Михаил Стельмах - Повести о детстве: Гуси-лебеди летят. Щедрый вечер
— И ты никак не веришь, что я у попа обедал? — пастушок притворно равнодушно ложится на стерню навзничь, кладет в изголовье сцепленные руки и ловит глазами белые облака, которые со своих краешков отряхивают и отряхивают на поле нити бабьего лета.
— А кто же поверит брехуненку? Еще, может, скажешь, что сама попадья на покутье[13] посадила тебя?
— Глупый, и все! — довольно посмеивается Петр. — Матушки как раз дома не было: она в Литин поехала отмечать храмовый праздник. А служанка Марьяна чего только, слышишь, ни выставила на стол и… — вдовиченко[14] приподнимается от земли, а голос его стихает, стесняется… и чернобривцом назвала меня, и говорила, что я, кхы… похорошел.
— О!
— Вот тебе и «о»! — Петр собирает в оборку потрескавшиеся губы, наверное, передумывает, стоило говорить то, что о нем сказала девушка, потому что и мы перехватили от старших манеру свысока относиться к тому, что говорят женщины. — Думаешь, хвастаю перед тобой?
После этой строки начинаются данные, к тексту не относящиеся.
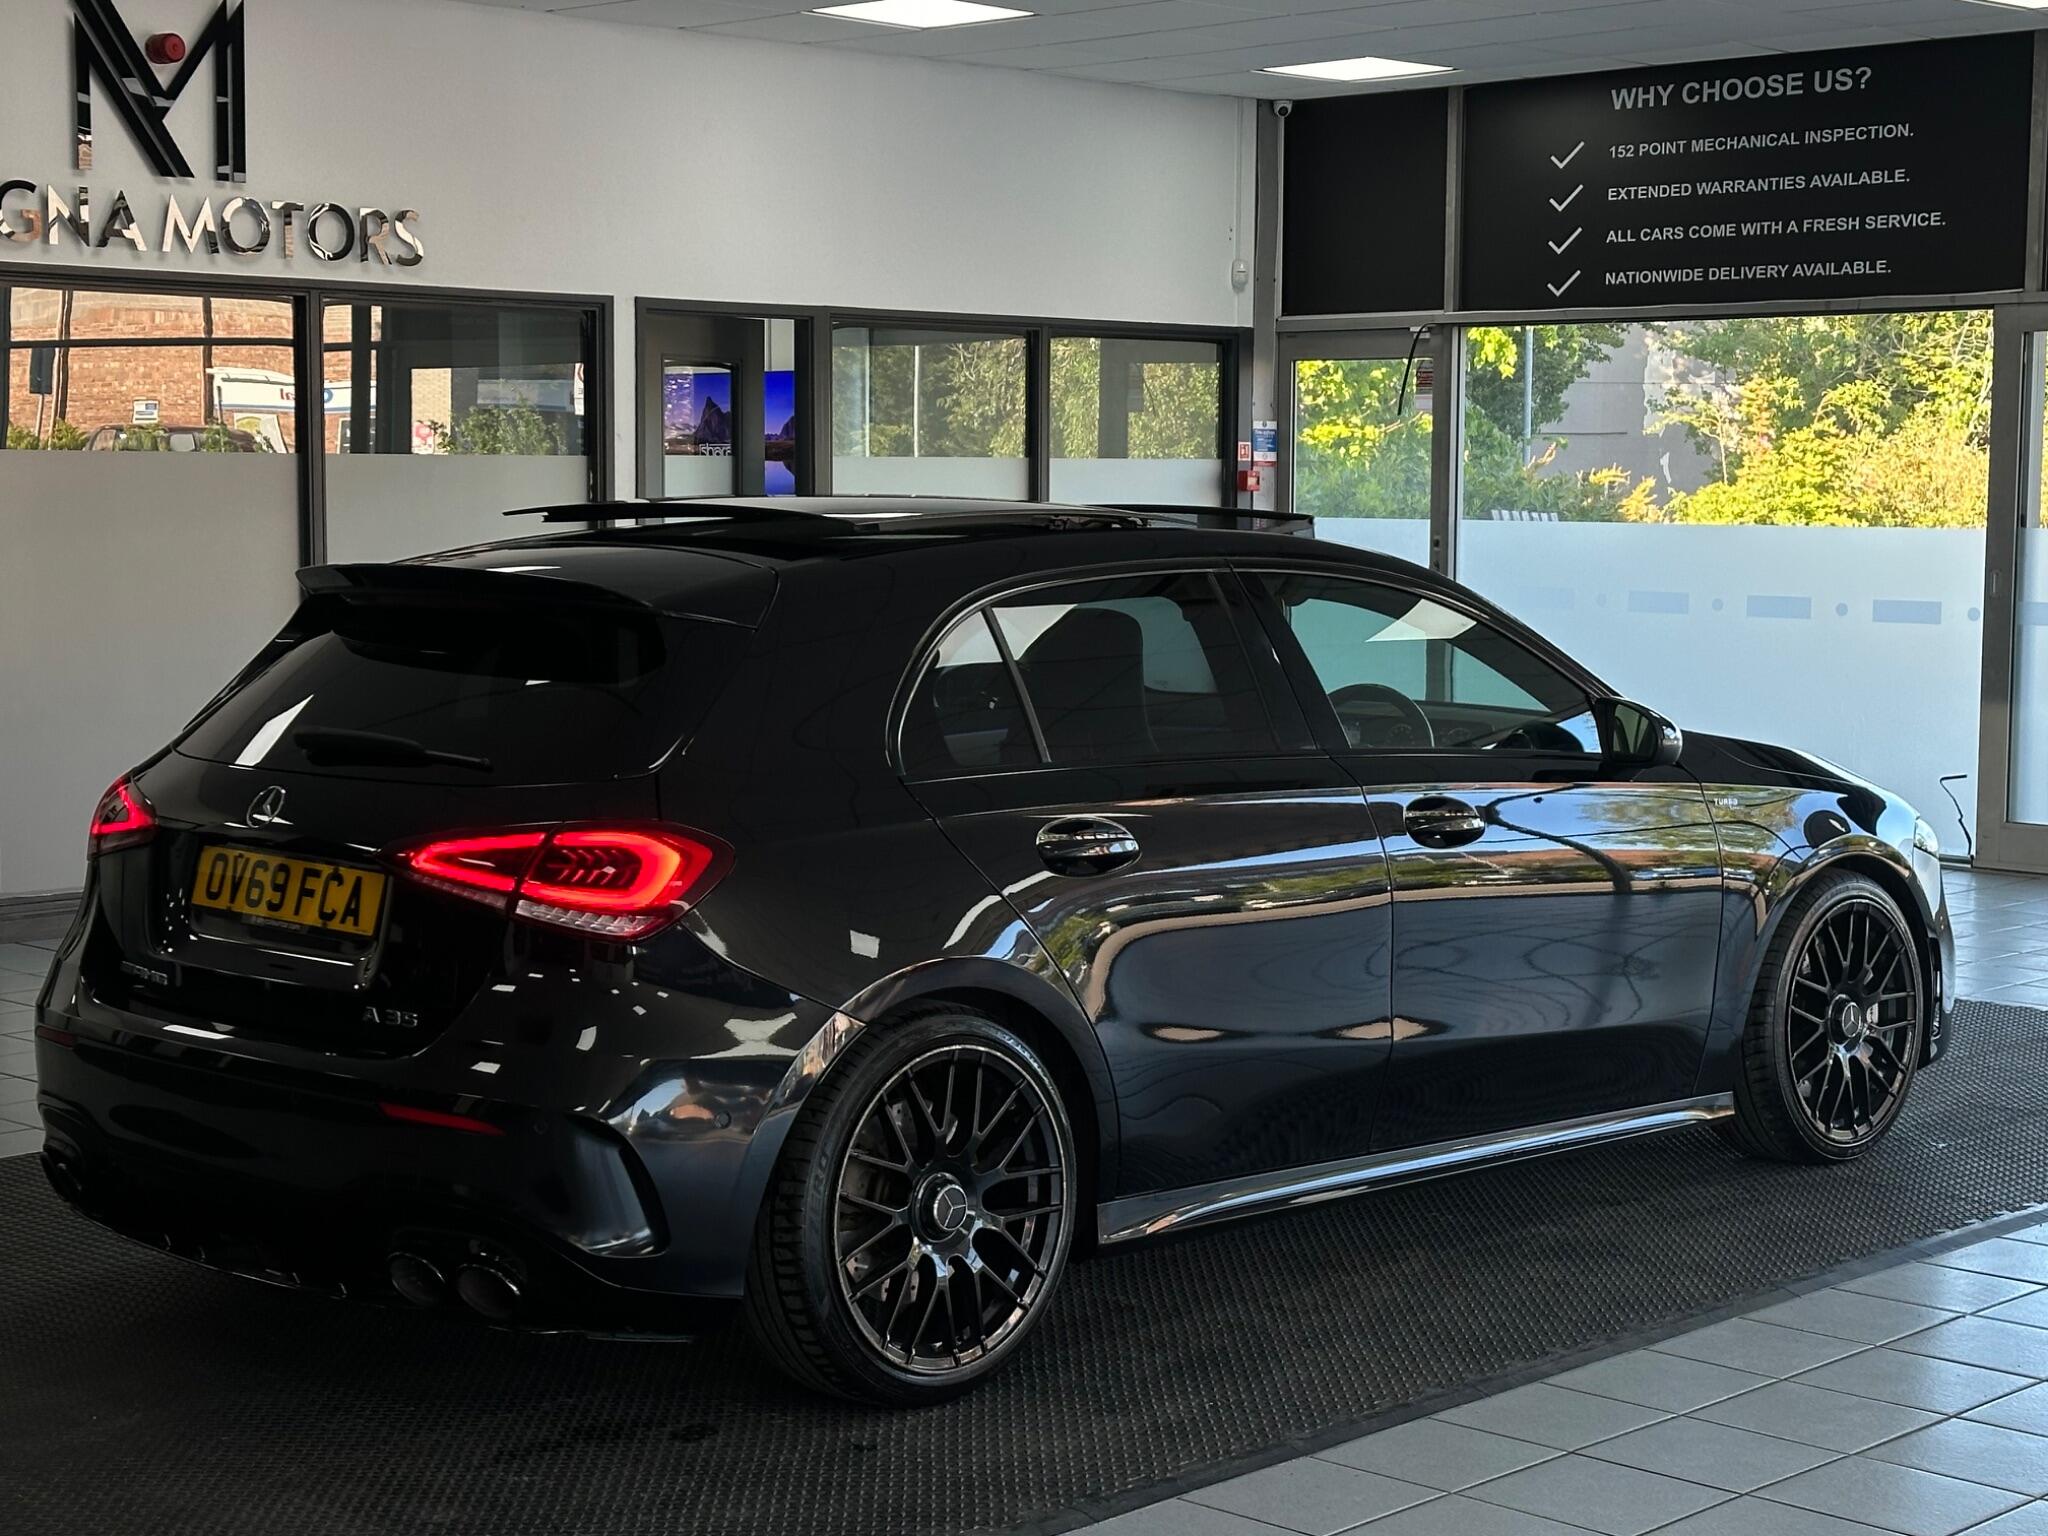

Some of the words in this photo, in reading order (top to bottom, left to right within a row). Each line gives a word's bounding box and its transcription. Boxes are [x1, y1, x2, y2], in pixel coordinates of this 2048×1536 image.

Очень нужно мне!
Нет, я не думаю, что он хвастается. Слова Марьяны поражают меня. Теперь я совсем другими глазами осматриваю пастушка, его старый замасленный картузик, отрепанную одежду и едва ли не впервые вижу, что он действительно славный: и брови у него черные, сосенкой, и глаза красивые.
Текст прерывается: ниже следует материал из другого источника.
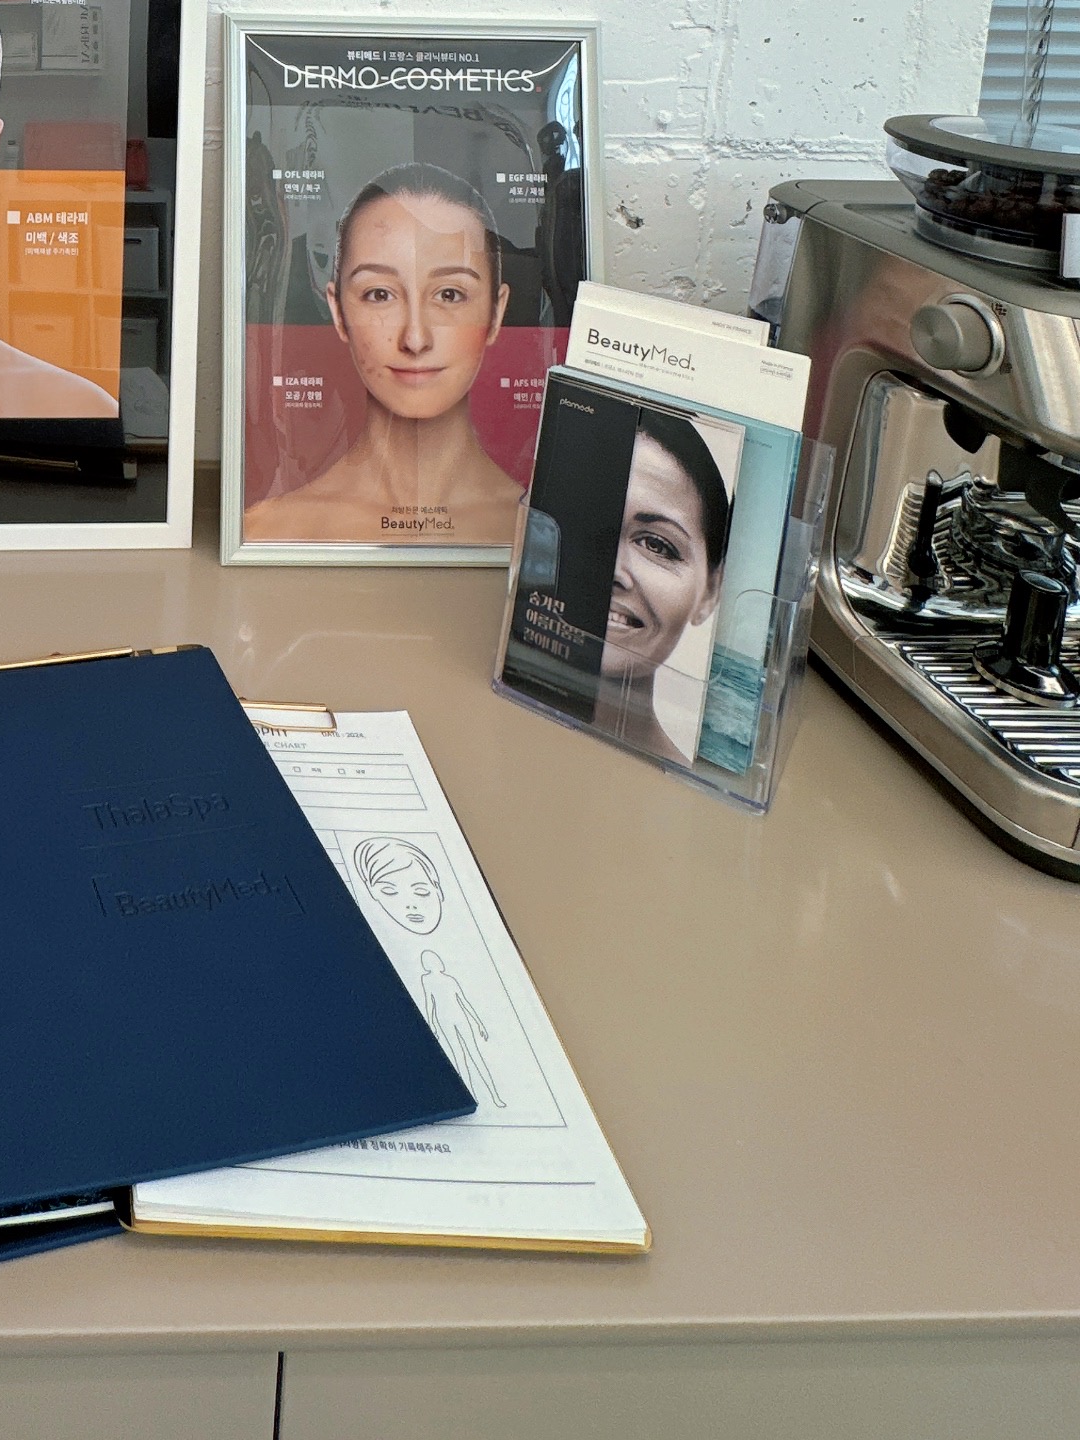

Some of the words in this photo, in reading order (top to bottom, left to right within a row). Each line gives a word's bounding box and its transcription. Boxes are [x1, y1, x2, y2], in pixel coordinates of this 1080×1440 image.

[346, 50, 381, 61] 뷰티메드
[388, 51, 414, 62] 프랑스
[416, 52, 457, 63] 클리닉뷰티
[459, 53, 480, 63] NO.1
[284, 170, 301, 179] OFL
[509, 173, 524, 182] EGF
[26, 212, 53, 224] ABM
[56, 212, 88, 225] 테라피
[26, 231, 47, 244] 미백
[58, 231, 79, 244] 색조
[274, 741, 307, 750] CHART
[81, 792, 230, 830] ThalaSpa
[370, 1141, 397, 1152] 정확히
[399, 1141, 452, 1154] 기록해주세요
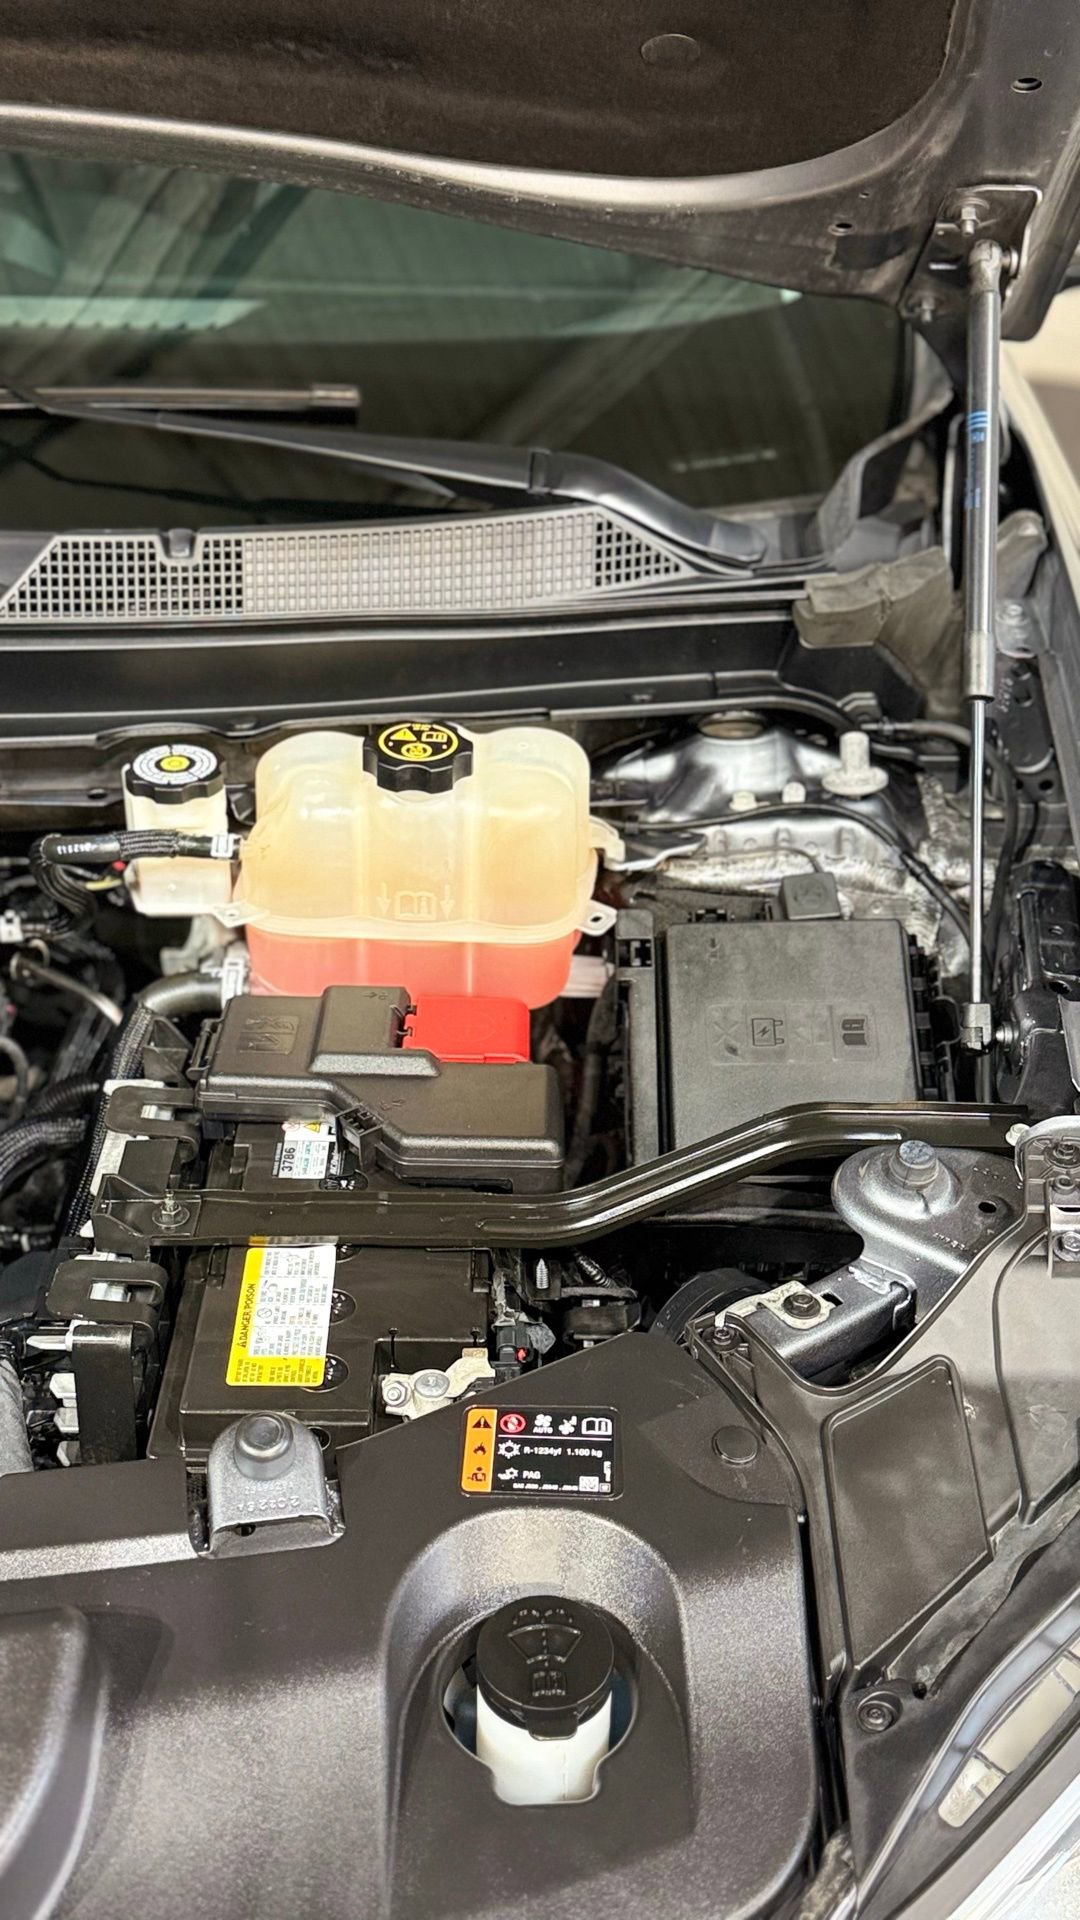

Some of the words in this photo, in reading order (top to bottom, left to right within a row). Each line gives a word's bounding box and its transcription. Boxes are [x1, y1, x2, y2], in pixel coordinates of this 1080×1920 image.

[282, 1147, 296, 1172] 3786
[244, 1283, 256, 1310] POISON
[239, 1310, 251, 1338] DANGER
[533, 1426, 553, 1434] AUTO
[523, 1446, 562, 1457] R-1234yf
[566, 1448, 590, 1457] 1.100
[591, 1449, 603, 1458] kg
[522, 1470, 541, 1480] PAG
Как иногда важно бывает, чтобы кто-то выделил у человека что-то хорошее и другим, менее зрячим, подсказал. Я смотрю через поле вдаль, где только стайками яворов и тополей определяется село, и тепло вспоминаю энергичную поповскую служанку Марьяну, ту босоногую с двумя подвижными косами метелицу, что все делает набегу, пританцовывая и смеясь или напевая. Даже когда матушка ругает ее, служанка наполняется смехом, продавая белые подковки зубов и целых три ямки: две на щеках, а третью на подбородке.
— Нет на тебя, сорвиголова в юбке, ни грома, ни молнии, ни трясцы, ни лихой годины и ни синей печали.
— Вот и хорошо, что нет! Пусть и вовек не будет — не загрущу! — смотрит куда-то поверх матушки Марьяна, пританцовывает на месте и подсмеивается.
Попадя оглядывается вокруг, вздыхает:
— Прости, господи, согрешения наши, вольная и невольная… Запомни, безбожница, мое слово: будут тебя вскоре тянуть куцехвостые в самое пекло и только одними новыми веревками, а то старые не выдержат.
— Ги! Пока они себе натреплют конопли и насучат веревок, так я еще наживусь.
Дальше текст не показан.